An IFit representative declined to comment on the restructuring and the company’s latest valuation.

“Today’s important updates strongly focus the business for continued growth in what has made us successful in the first place: technology, innovation and the member experience,” Scott Watterson, chairman and co-founder of IFit, said in an emailed statement. Watterson, who gave up the role of chief executive officer, added that he personally invested in the capital raise.

IFit, with brands including NordicTrack, ProForm and Sweat, said it will invest in “efficiency measures to increase profitability for reinvestment” and focus on growing its brands, product offerings and content library. 

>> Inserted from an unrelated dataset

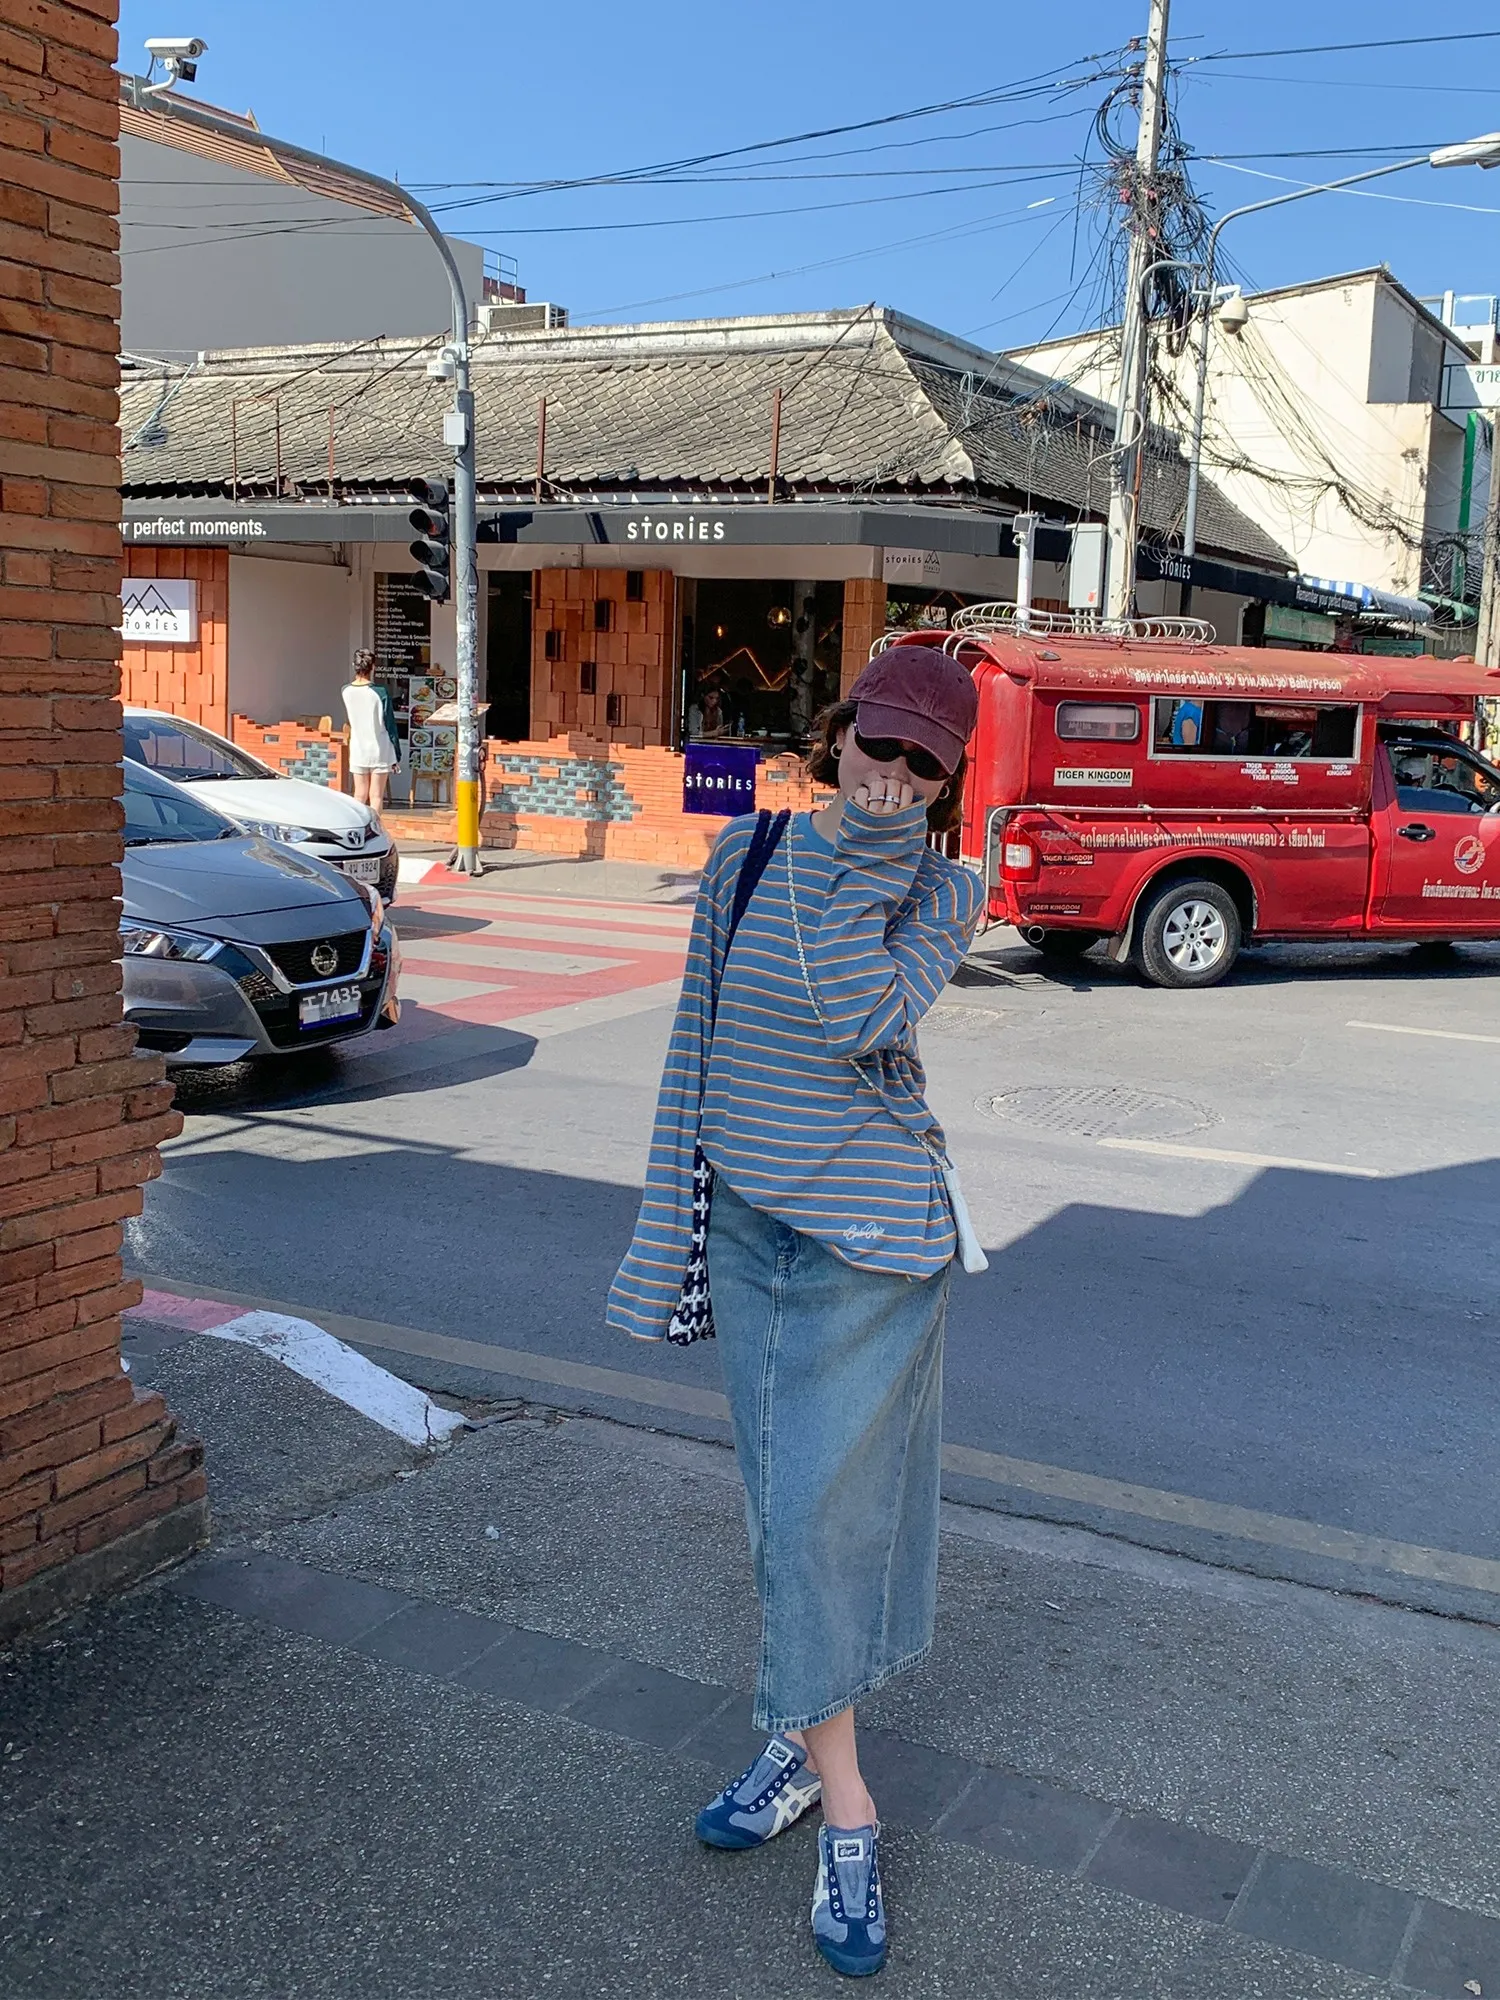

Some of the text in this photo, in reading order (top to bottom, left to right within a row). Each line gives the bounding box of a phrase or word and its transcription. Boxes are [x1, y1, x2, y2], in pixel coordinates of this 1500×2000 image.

The company, which says it has 1.6 million paid subscribers, sought to raise as much as $646 million in an initial public offering before hitting pause in October, citing adverse market conditions. For the fiscal year ending May 31, it is on track to deliver similar revenue to the $1.7 billion recorded in the 12 months through May 2021, a person with knowledge of the matter said.

“The company is on strong financial footing and stands ready to capture the enormous opportunity ahead of us,” said IFit’s newly appointed co-presidents, Mark Watterson and Steve Barr.

Litigation Resolved

IFit said it had “amicably resolved” an outstanding litigation matter with a shareholder. Icon Preferred Holdings LP, an affiliate of Pamplona Capital Management, in January filed a $300 million lawsuit against IFit, court filings show.

“We believe the best is yet to come,” Marc Magliacano, a managing partner in L Catterton’s flagship fund, said in a statement, adding that the company’s platform is “positioned to win on a global scale.”

Peloton’s shares have fallen almost 75% since Oct. 5, 2020, when IFit said it raised $200 million from investors including L Catterton and Pamplona. At the height of the pandemic, customers stuck at home raced to purchase hardware. Following vaccinations and a return to traditional gyms, Peloton discounted its bikes in an effort to boost dwindling sales.

New York-based Peloton earlier this month announced a broad restructuring that included 2,800 job cuts. It also installed a new CEO, Barry McCarthy, who took a shot at IFit’s NordicTrack in a recent interview.

Asked by the New York Times what he wants Peloton to be, and whether he’s focused on hardware and software, McCarthy said: “The magic doesn’t happen in the sheet metal. It needs to be good enough, but it’s not sufficient. If it’s just NordicTrack, you’re not winning. The magic happens on the screen.”

(Updates with comments, background starting in seventh paragraph.)